### Extracted records
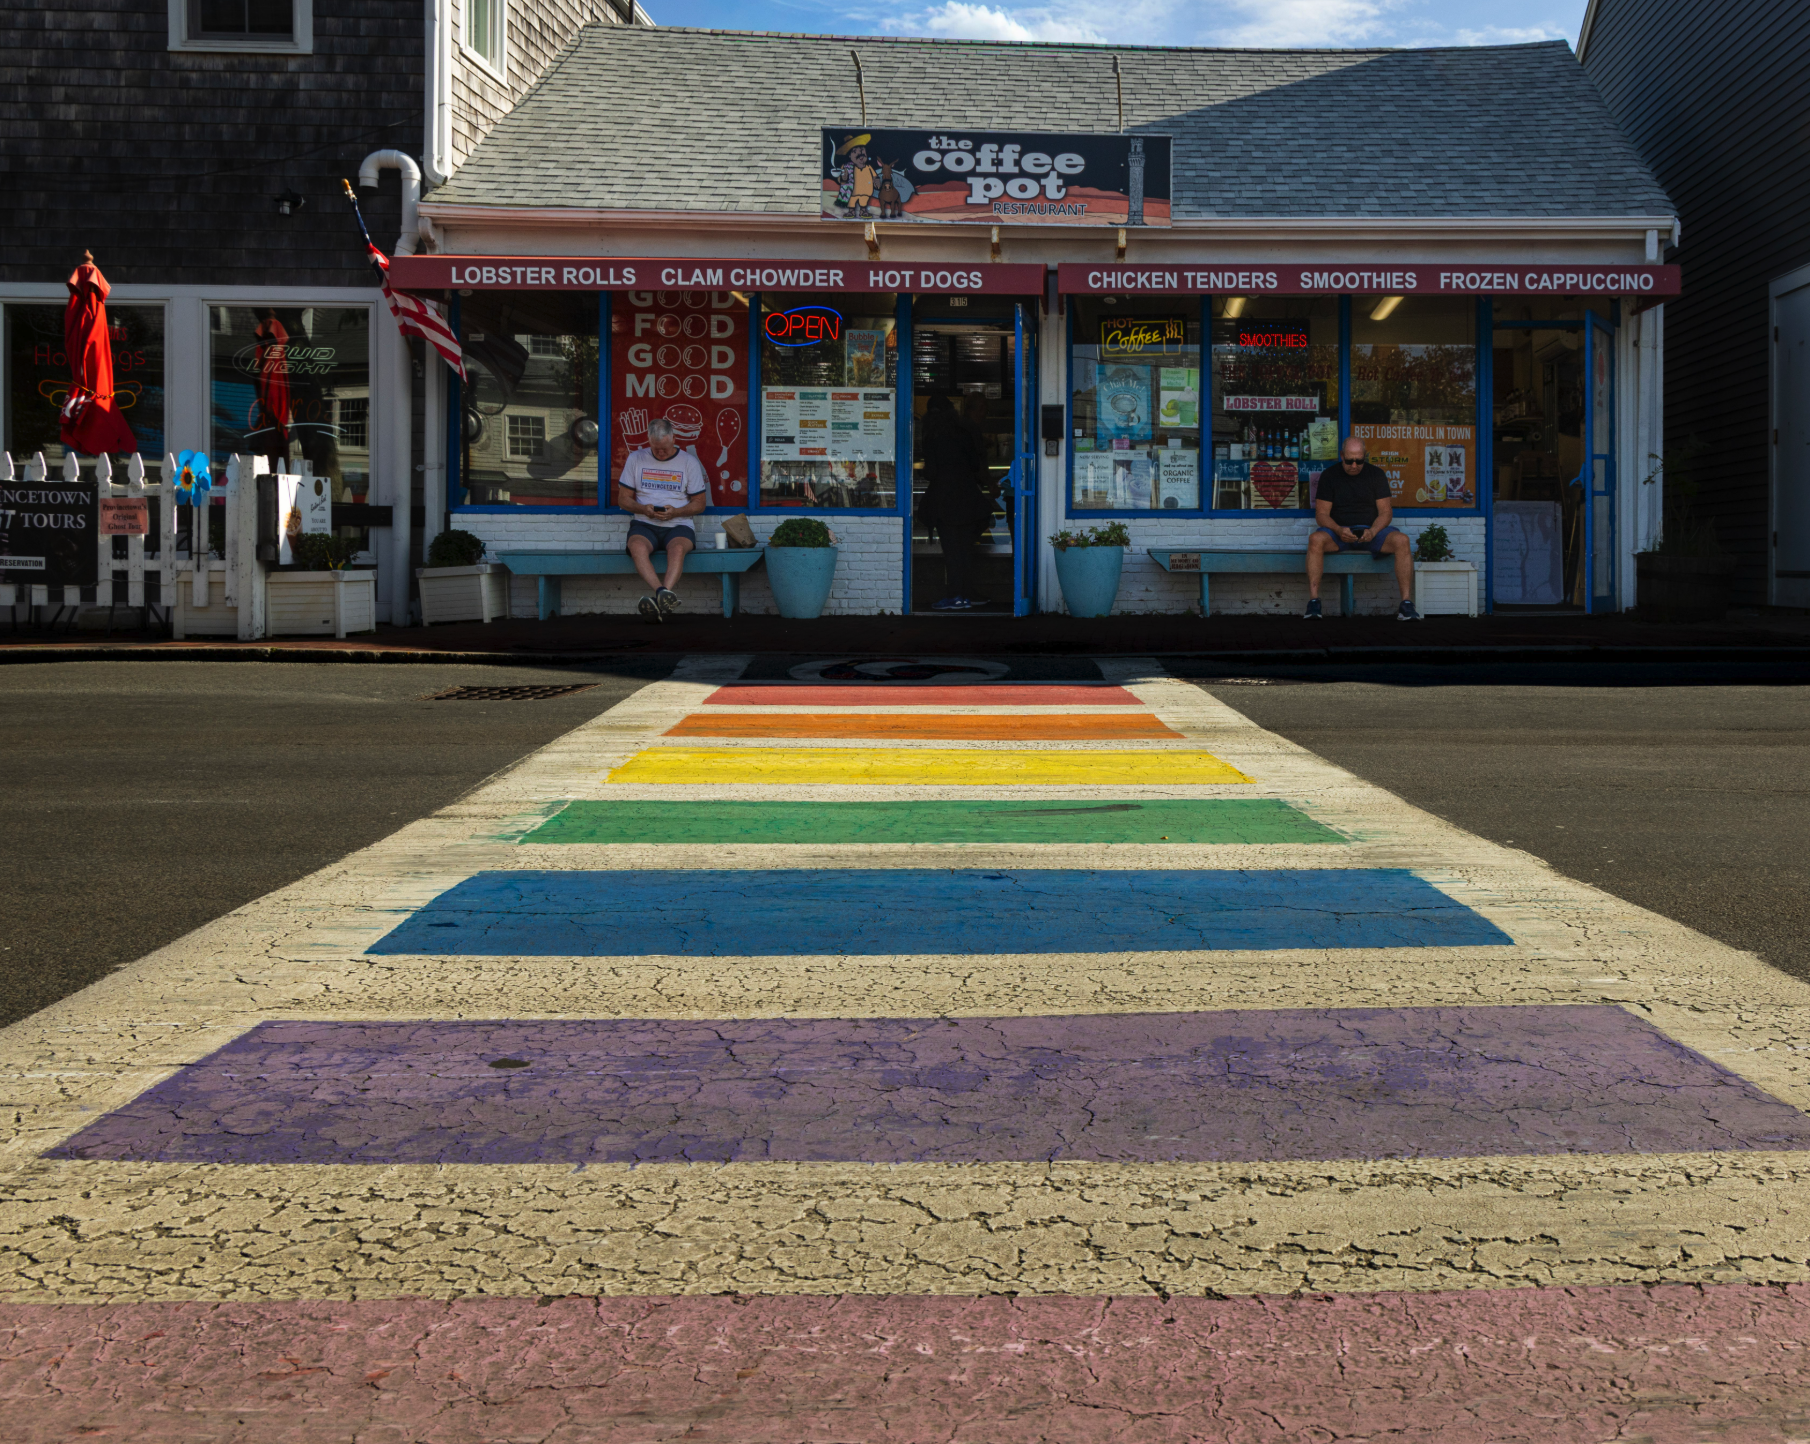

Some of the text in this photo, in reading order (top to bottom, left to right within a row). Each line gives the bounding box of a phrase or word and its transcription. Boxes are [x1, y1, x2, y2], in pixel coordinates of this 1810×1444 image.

[929, 135, 973, 150] the
[913, 143, 1085, 175] coffee
[966, 170, 1067, 204] pot
[993, 203, 1087, 217] RESTAURANT
[452, 266, 637, 285] LOBSTER ROLLS
[661, 268, 845, 287] CLAM CHOWDER
[870, 271, 984, 289] HOT DOGS
[1087, 271, 1278, 289] CHICKEN TENDERS
[1300, 272, 1417, 289] SMOOTHIES
[1439, 273, 1654, 291] FROZEN CAPPUCCINO
[628, 290, 736, 309] GOOD
[951, 298, 967, 306] 315
[634, 313, 735, 338] FOOD
[765, 312, 839, 340] OPEN
[1107, 318, 1134, 328] HOT
[848, 333, 874, 341] Bubble
[1106, 326, 1162, 353] Coffee
[1239, 333, 1307, 347] SMOOTHIES
[264, 344, 336, 360] BUD
[627, 343, 736, 369] GOOD
[246, 359, 339, 374] LIGHT
[625, 373, 735, 399] MOOD
[1225, 397, 1317, 410] LOBSTER ROLL
[1354, 425, 1471, 440] BEST LOBSTER ROLL IN TOWN
[103, 503, 147, 511] Provincetown's
[20, 512, 87, 530] TOURS
[113, 513, 138, 521] Original

### Assignment
Excluding all images, transcribe the material word for word.

### Task solution
Some of the text in this photo, in reading order (top to bottom, left to right within a row). Each line gives the bounding box of a phrase or word and its transcription. Boxes are [x1, y1, x2, y2], in pixel coordinates of this 1810×1444 image.

[929, 135, 973, 150] the
[913, 143, 1085, 175] coffee
[966, 170, 1067, 204] pot
[993, 203, 1087, 217] RESTAURANT
[452, 266, 637, 285] LOBSTER ROLLS
[661, 268, 845, 287] CLAM CHOWDER
[870, 271, 984, 289] HOT DOGS
[1087, 271, 1278, 289] CHICKEN TENDERS
[1300, 272, 1417, 289] SMOOTHIES
[1439, 273, 1654, 291] FROZEN CAPPUCCINO
[628, 290, 736, 309] GOOD
[951, 298, 967, 306] 315
[634, 313, 735, 338] FOOD
[765, 312, 839, 340] OPEN
[1107, 318, 1134, 328] HOT
[848, 333, 874, 341] Bubble
[1106, 326, 1162, 353] Coffee
[1239, 333, 1307, 347] SMOOTHIES
[264, 344, 336, 360] BUD
[627, 343, 736, 369] GOOD
[246, 359, 339, 374] LIGHT
[625, 373, 735, 399] MOOD
[1225, 397, 1317, 410] LOBSTER ROLL
[1354, 425, 1471, 440] BEST LOBSTER ROLL IN TOWN
[103, 503, 147, 511] Provincetown's
[20, 512, 87, 530] TOURS
[113, 513, 138, 521] Original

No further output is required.